Disgustado, se dio cuenta de que tenía la varita a la vista y siseó entre dientes. Ahora tendría que desmemorizarle o matarle, según se comportase. Como alguien más volviese a llamarle monstruo hijo de las tinieblas le arrancaba la lengua y se la daba de comer a las bestias.
-No necesito tu ayuda.
Pero el desconocido no parecía prestarle atención ni a su varita ni a su comentario. Puede que se esté haciendo el idiota para cogerme desprevenido- pensó, desconfiado. El ataque a su madre le había marcado y ya no se fiaba ni de su sombra- El hombre se agachó junto a su yegua y murmuró algo. Hubo un resplandor rojizo y un instante después el animal se levantó, como si nada hubiera pasado.
-A propósito, soy Godric Gryffindor –dijo el hombre, sonriéndole como si se conocieran de toda la vida.- Creo que vamos a ser buenos amigos. –tenía una sonrisa fiera y blanca que parecía decir, atrévete a llevarme la contraria, vamos, atrévete, pero también una mirada alegre y franca.
Salazar conocía sus cualidades. Sabía que era un hombre atractivo (aunque los más astutos dirían también que en sus ojos había algo peligroso, y que por algún extraño motivo, recordaban a los de una serpiente). Tenía una expresión seria y unos ojos grises que perdieron la mayor parte de su brillo el día en que murió el último miembro de su familia. Era consciente de sus habilidades –muchas de ellas excepcionales- y de su inteligencia –bastante superior a la media- pero también de sus defectos. No era un hombre que cayese bien de buenas a primeras y que alguien le dijese a los dos minutos de conocerse que iban a ser buenos amigos lo había dejado momentáneamente sin palabras. Momentáneamente.
-Yo creo que no.
Godric dejó escapar una carcajada muy semejante a un rugido –ante la mirada asombrada de Slytherin, que no estaba muy acostumbrado a que se riesen de él- y cuando logró tranquilizarse silbó, llamando a su caballo.
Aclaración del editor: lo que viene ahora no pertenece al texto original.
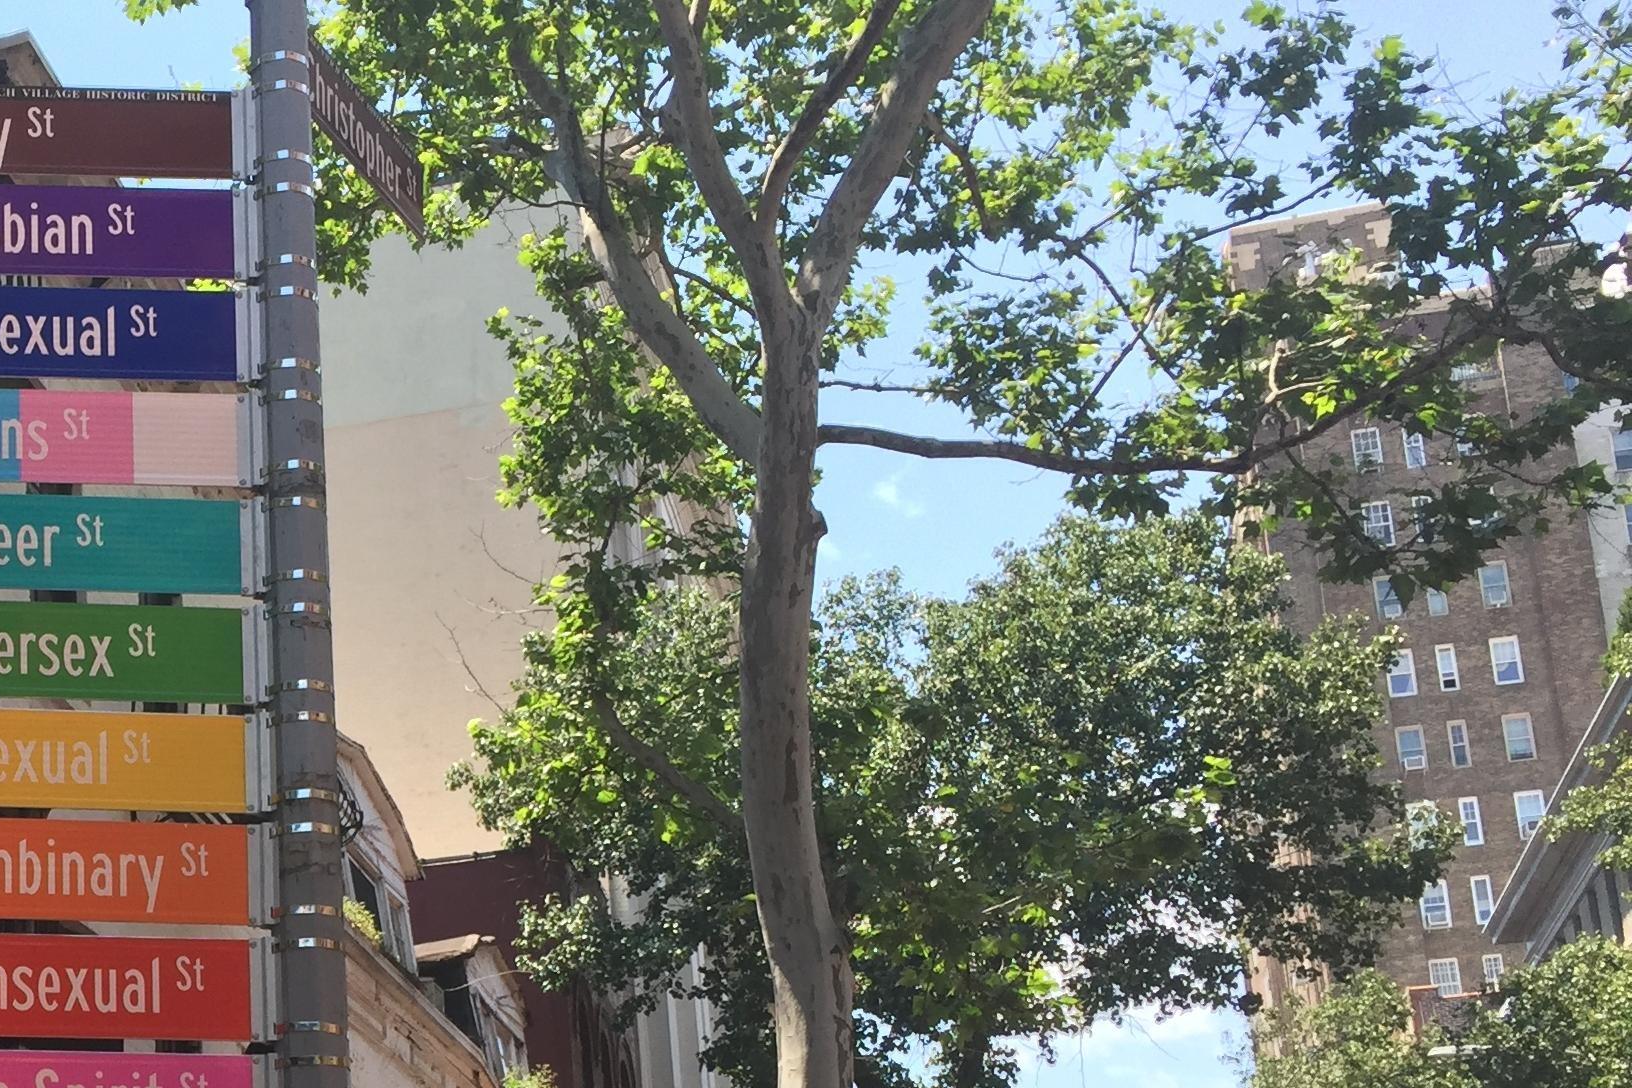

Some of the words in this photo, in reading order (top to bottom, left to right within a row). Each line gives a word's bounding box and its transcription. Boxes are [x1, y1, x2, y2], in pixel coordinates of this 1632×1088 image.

[22, 87, 80, 99] VILLAGE
[86, 89, 151, 101] HISTORIC
[156, 91, 218, 102] DISTRICT
[27, 106, 55, 138] St
[406, 166, 418, 201] St
[107, 203, 135, 235] St
[130, 304, 158, 338] St
[63, 407, 90, 441] St
[76, 513, 104, 547] St
[128, 623, 156, 658] St
[122, 729, 151, 765] St
[180, 841, 209, 877] St
[175, 955, 205, 992] St
Era un animal imponente, del color del ébano, que al llegar restregó la cabeza contra el hombro de su amo. Godric sacó una zanahoria de un bolsillo de la capa y se la dio.
-Salazar Slytherin –las palabras fluyeron de su boca antes de que pudiese evitarlo, como por arte de magia. Más tarde, cuando reflexionase acerca de ese momento no sabría responder porqué le dijo su nombre al desconocido. Simplemente supo que era lo correcto.
Godric montó en su corcel y volvió a sonreír.
-Pues adelante, Salazar, el mundo nos aguarda –golpeó con los estribos y el caballo partió con un trote rápido. Lo último que escuchó Salazar antes de salir en pos de él fue y somos demasiado atractivos para hacerle esperar.
Sonrió como hacía meses que no hacía, sin más testigos que el bosque, y espoleó a su montura.